Setelah semua penumpang kereta api jarak jauh itu masuk, dan peluit panjang ditiup, kereta pun berjalan meninggalkan Stasiun Klaten tempat kami berangkat.
Perjalanan yang jauh, memaksa kami harus menahan lelahnya perjalanan panjang.
Jakarta, kota tujuan kami.
Sebelum sampai di Jakarta, aku merasa tidak tenang. Tugas-tugas kuliahku sangat mengganggu pikiranku. Apalagi gadis manis yang kutemui di Stasiun Klaten, begitu sulit kulupakan. Wajahnya masih membekas menghiasi angan-anganku.

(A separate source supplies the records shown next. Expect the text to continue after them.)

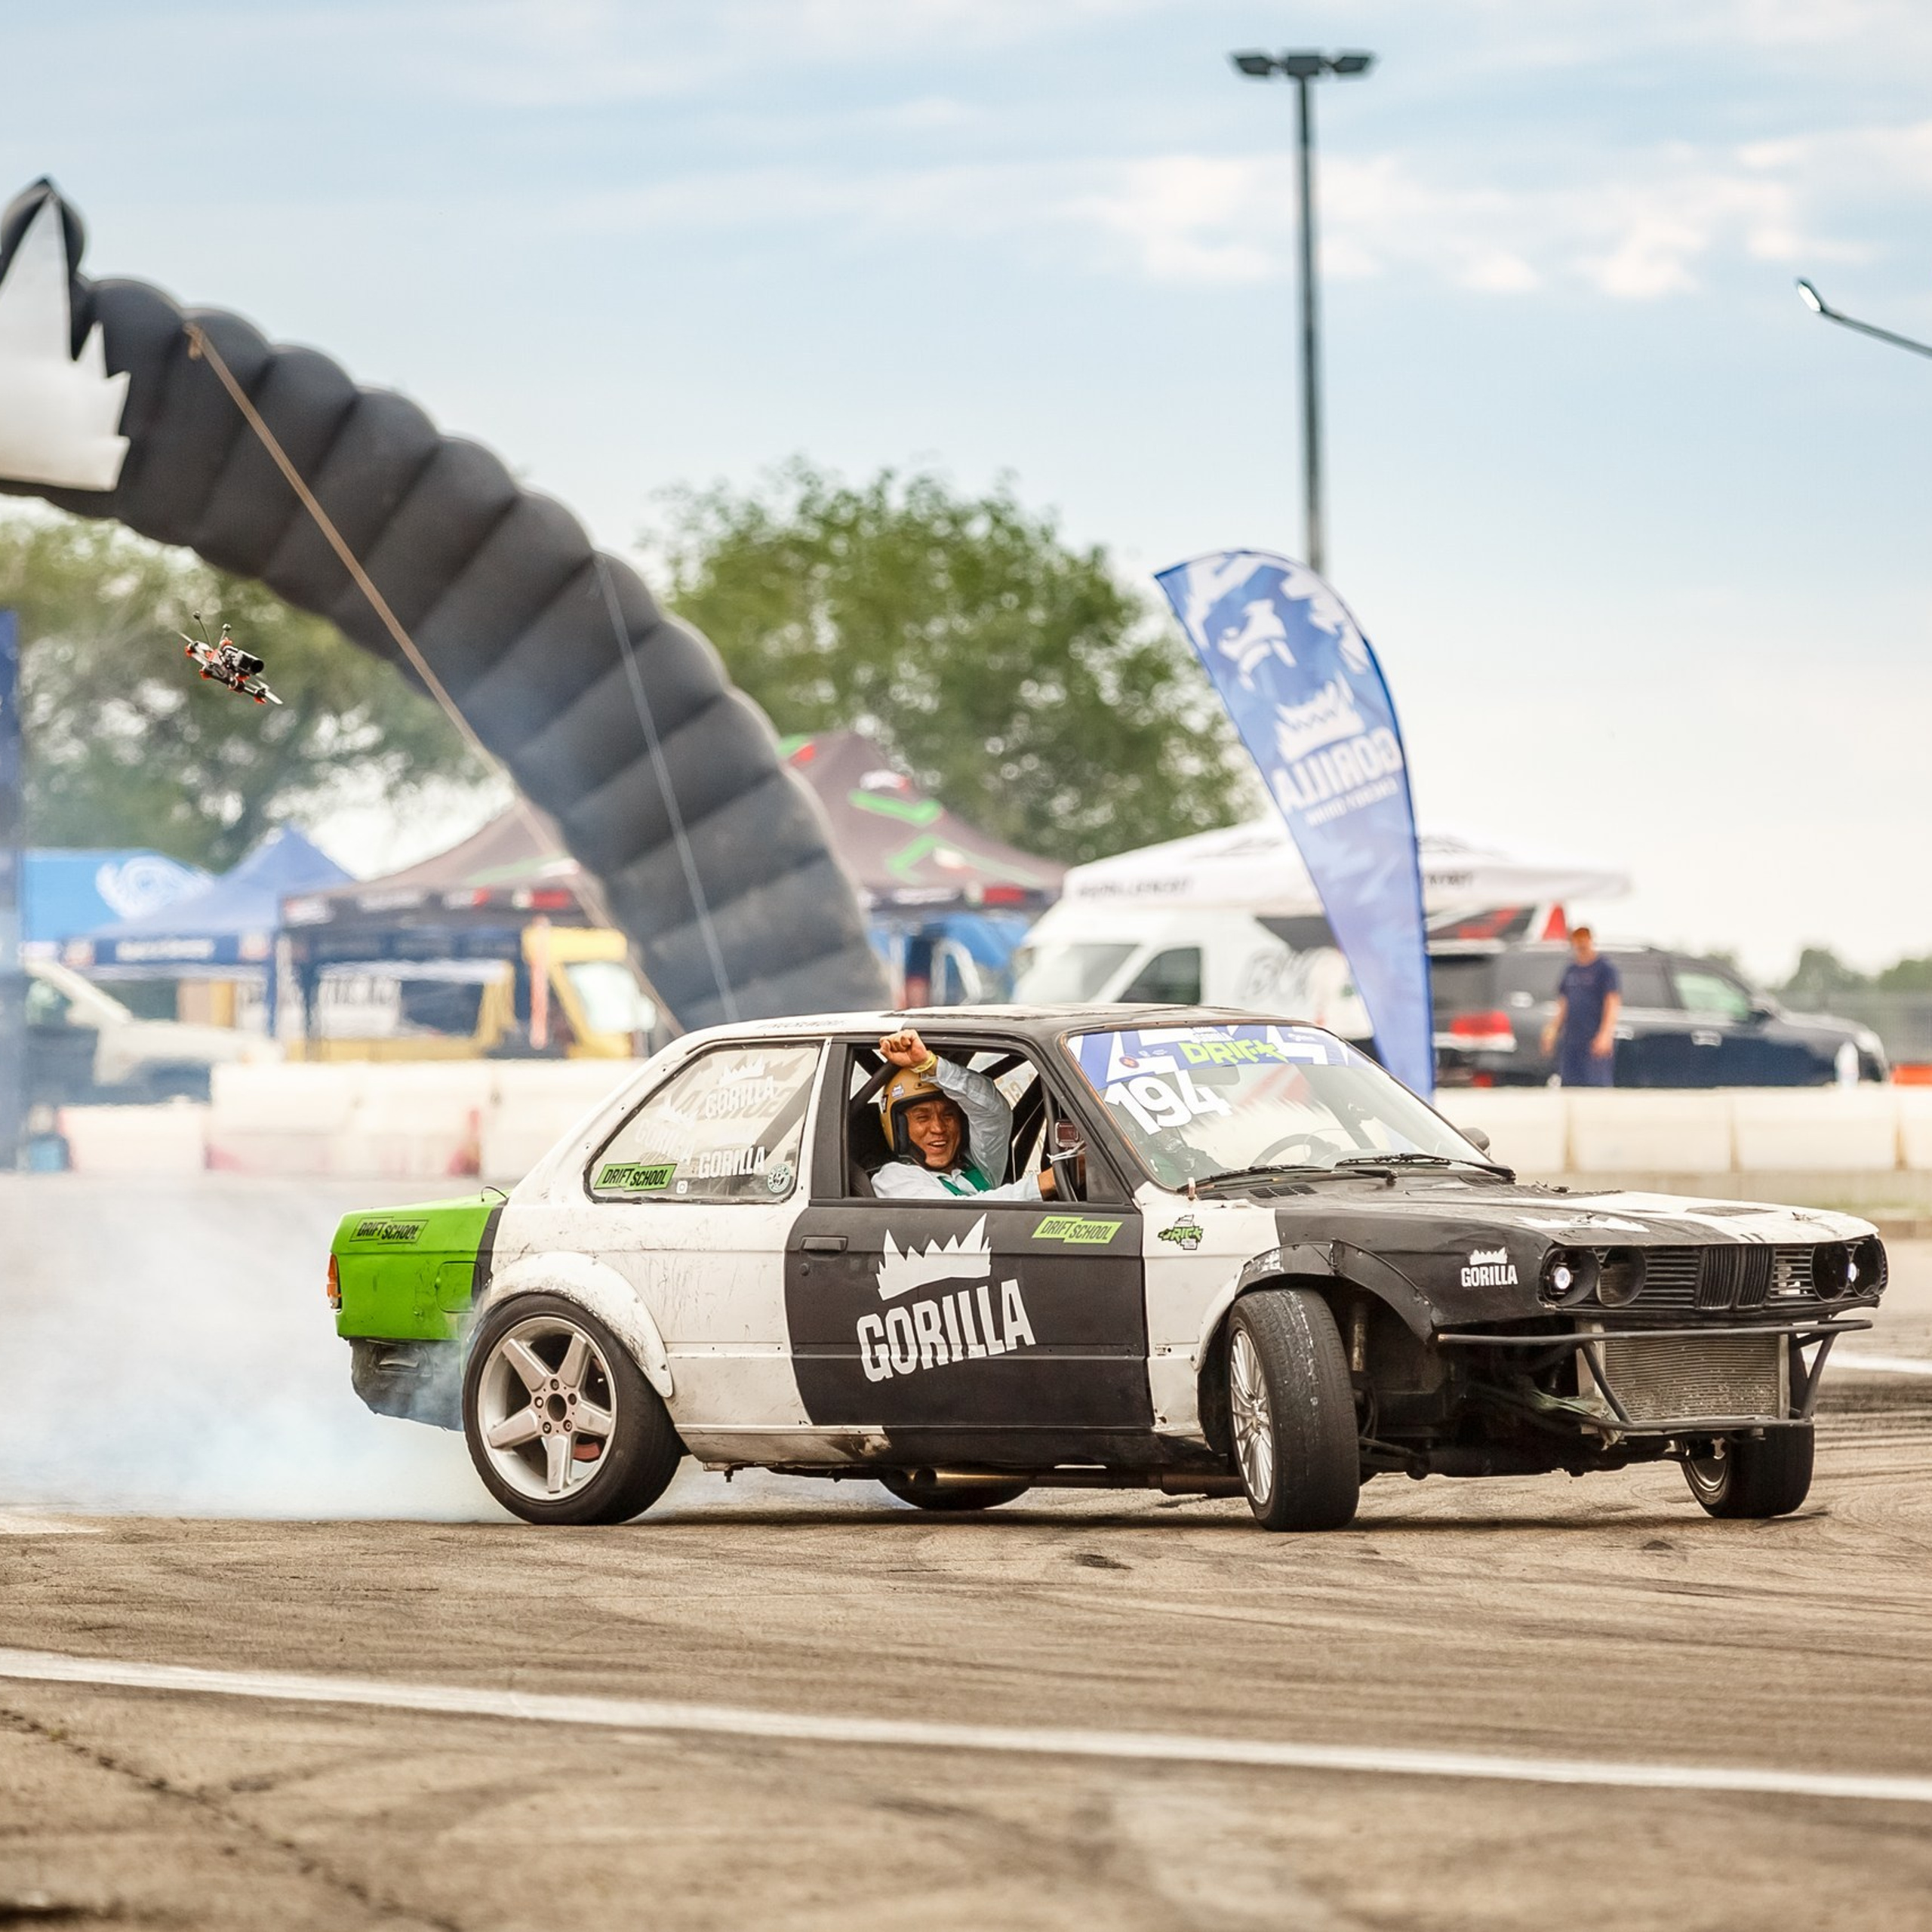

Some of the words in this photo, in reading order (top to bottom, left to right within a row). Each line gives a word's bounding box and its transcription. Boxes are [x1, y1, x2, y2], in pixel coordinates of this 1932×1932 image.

[1178, 1039, 1288, 1064] DRIFT
[705, 1075, 775, 1119] GORILLA
[1104, 1069, 1233, 1135] 194
[699, 1146, 765, 1179] GORILLA
[602, 1168, 635, 1184] DRIFT
[629, 1169, 668, 1186] SCHOOL
[356, 1222, 388, 1237] DRIFT
[381, 1224, 420, 1240] SCHOOL
[1040, 1220, 1077, 1235] DRIFT
[1069, 1224, 1112, 1240] SCHOOL
[1461, 1264, 1518, 1287] GORILLA
[857, 1278, 1036, 1383] GORILLA

Aku hanya bisa berdoa, semoga aku dipertemukan lagi dengan gadis manis itu.
Perjalanan selama enam setengah jam itu terasa cepat, karena kami menaiki kereta eksekutif yang membuatnya jarang berhenti di beberapa stasiun yang dilaluinya. Beruntung, waktu itu kami tidak menaiki kereta ekonomi. Karena tak bisa kubayangkan waktu perjalanan yang lebih lama akan menguras tenagaku.

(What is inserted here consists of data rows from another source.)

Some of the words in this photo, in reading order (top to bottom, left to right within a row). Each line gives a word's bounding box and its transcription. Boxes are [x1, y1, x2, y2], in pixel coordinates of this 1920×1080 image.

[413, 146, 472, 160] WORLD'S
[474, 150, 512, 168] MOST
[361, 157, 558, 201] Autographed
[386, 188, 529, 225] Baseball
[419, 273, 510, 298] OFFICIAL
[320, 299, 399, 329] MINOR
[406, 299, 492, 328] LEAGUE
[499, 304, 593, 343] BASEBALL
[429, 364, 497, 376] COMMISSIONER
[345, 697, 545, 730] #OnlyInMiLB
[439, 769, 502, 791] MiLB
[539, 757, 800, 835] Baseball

Tepat pukul 15.35, kami akhirnya tiba di Stasiun Gambir, Jakarta Pusat. Stasiun yang jauh lebih modern daripada Stasiun Klaten.
Kami keluar dari kereta dengan membawa barang-barang kami yang sangat banyak, menuruni ribuan anak tangga hingga lantai dasar stasiun. Hanya rasa lelah yang kami rasakan saat itu.

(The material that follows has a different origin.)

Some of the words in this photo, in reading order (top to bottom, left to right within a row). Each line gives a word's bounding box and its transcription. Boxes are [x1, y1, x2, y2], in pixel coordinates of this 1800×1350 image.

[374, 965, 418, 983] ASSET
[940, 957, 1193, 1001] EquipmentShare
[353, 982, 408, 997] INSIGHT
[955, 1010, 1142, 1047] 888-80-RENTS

Sesampainya di lantai dasar, kulihat lambaian tangan seorang pria berjaket cokelat dan bertopi merah, setelah kulihat dengan jelas, rupanya itu ayahku yang sudah menunggu kedatangan kami.
"Gimana Dik, capek gak?" tanya ayahku kepadaku.
"Capek, Pak." Balasku.
Kami berjalan keluar stasiun dan menunggu taksi yang akan mengantarkan kami ke hotel tempat kami menginap.
Ayahku sudah ada di Jakarta lebih dulu karena dia bekerja di sini. Sebelum aku lahir, ayahku sudah merantau ke Jakarta. Kata ayahku, dia di Jakarta sejak umur 17 tahun. Luar biasa.
"Sudah pesan belum, Ndi?" ucap ibuku kepada kakakku menanyakan taksi online yang akan mengantarkan kami ke hotel.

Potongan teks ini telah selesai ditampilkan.